Brant took Peg's hands in his and told her what to expect.

"He'll be sedated. He won't feel anything. Reverend Small will call you forward and place the knife in your hands. One thrust, right here, up into the heart, and it'll be over."

Peg shook her head.

"I can't do it. I won't."

"You have to. They need this. Seth needs it. It's an act of faith. It demonstrates your good will."

"I can't kill my own son, Brant!"

"You aren't killing anyone. Seth will bring him back. Tom has to be converted, as I was, as Annie was, as we all were except you. How can Seth trust you if you don't trust Seth?"

"It's impossible. I can't."

"You have to stop thinking of it as killing. It's like when you were a kid and you became blood brothers with someone. You pricked your fingers to let blood. It's a ritual, nothing more. Seth will watch over Tom. Seth will restore him. He won't feel a thing, I promise. Doc's seen to that. We can't trust Tom. He isn't one of us. He will be converted, Peg, with or without you."

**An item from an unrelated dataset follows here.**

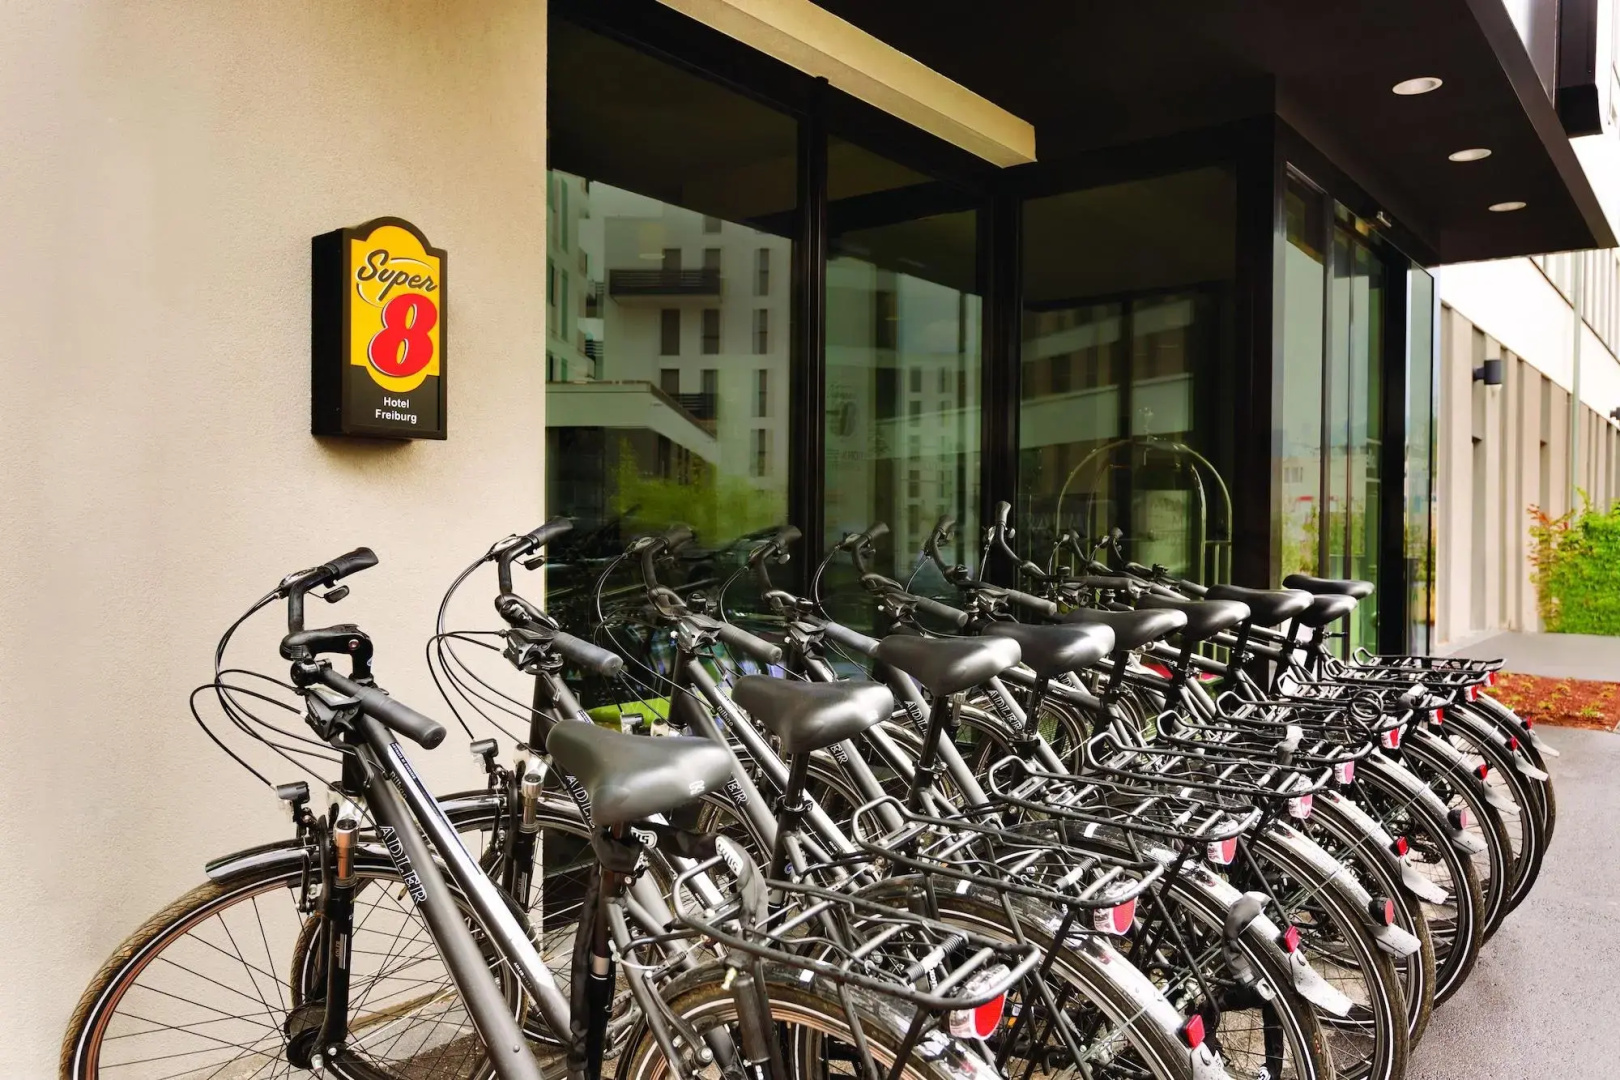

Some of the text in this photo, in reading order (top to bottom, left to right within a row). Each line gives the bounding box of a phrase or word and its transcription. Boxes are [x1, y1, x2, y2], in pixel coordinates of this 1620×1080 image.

"Why doesn't Seth just kill me, too, and get it over with?"

"It isn't our place to question Seth's will. He has reasons that we can't comprehend. Fulfillment lies in doing his bidding, and this is what he has commanded. I don't understand it, I don't pretend to. But I don't have to understand to know that it's the right thing to do."

"Do it, Mommy."

Annie had sidled up. She stood on the chair next to Peg's and put her arm around Peg's shoulder.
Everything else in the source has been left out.